Now pressure cook this in about 1 cup water for 6-8 minutes in high heat (or until 1 whistle). You can otherwise cook this in just milk (or a mix) to give it a richer taste.
3.
You should be able to mash it with your spatula.
4.
The amount of Jaggery would depend on your taste buds and the kind of jaggery you get at the stores. For us, I take about 1/2 cup worth (when broken)
5.
break it into tiny pieces (if available as slabs)
6.
Place it in a bowl and pour boiling water on top of it - just enough to submerge the jaggery. I do this in order to remove any impurities in the jaggery. Its not necessary per se though I would personally recommend it. If you don't want to do this, go to step 12
7.
The hot water will help to dissolve the jaggery. Using the back of a spatula, break lumps if any.
8.
Now sieve it into another bowl. You can break up those few jaggery pieces remaining in your sifter and add it along with. Set aside.
9.
In the same skillet that you used to roast the lentil, add the remaining ghee. I use about 1.5 tsp of Ghee in this recipe. You can add more or less as per your need. Roast the cashews
10.
and when it slightly starts changing color, add the raisins, if using. Set aside.
11.
Take the cooked lentil and heat it up (low-medium heat ) over stove top. Add the jaggery water.
12.
Stir to combine and cook for 3-4 minutes for the flavors to combine. Since the jaggery is already melted, the heat can be at low. If you skipped step 6, then you would have to add the jaggery pieces directly to the lentils but keep the heat medium and keep stirring so that the jaggery can melt. The stirring is to avoid the lentils burning.
13.
Once the jaggery has melted / mixed well, add the milk. The amount of milk would depend on the consistency you prefer. We prefer the
"pour-in-your-tumbler-and-drink" consistency;
tumbler here (not Tumblr! ) referring to South Indian way of saying cup! :). But if you prefer the "
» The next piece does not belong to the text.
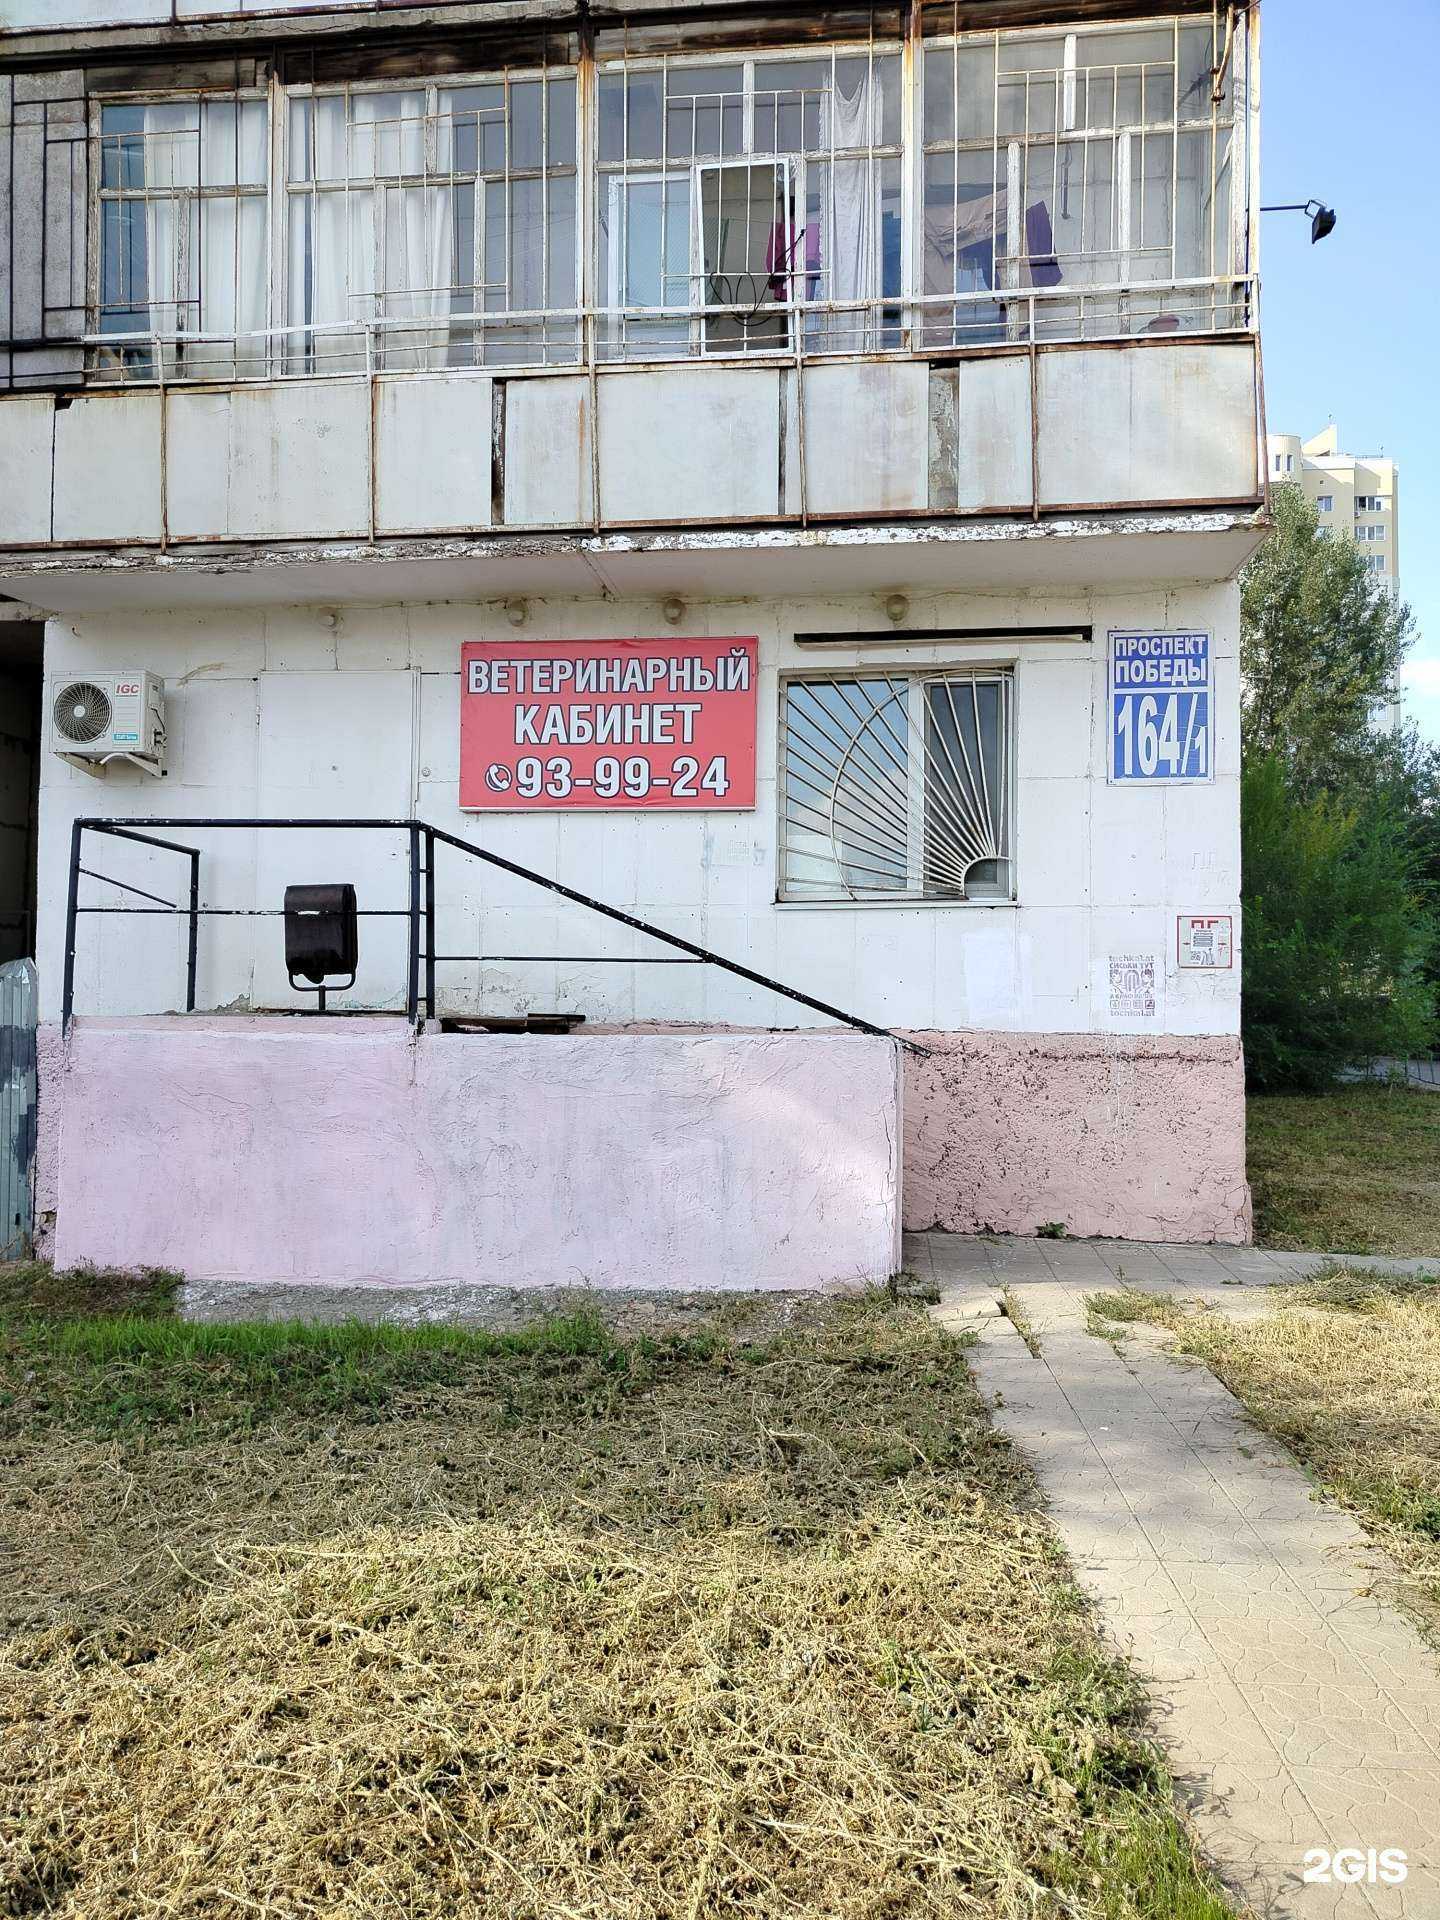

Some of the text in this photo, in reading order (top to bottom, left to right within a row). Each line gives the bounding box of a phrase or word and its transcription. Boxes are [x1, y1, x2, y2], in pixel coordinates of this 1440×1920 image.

enjoy-with-a-bowl-and-spoon", then simply add few tbsp or skip the milk completely.
14.
Add the cardamom powder and the roasted nuts (and raisins). Mix and stir for another 2-3 minutes.
15.
until combined. Though adding Saffron is traditional in almost all festive desserts, this one is an exception. It just does not need saffron since it does not provide that distinctive color or taste that it normally does to more milk based desserts. Add a pinch of Edible Camphor, if using. Be careful about the amount. A wee bit goes a long way.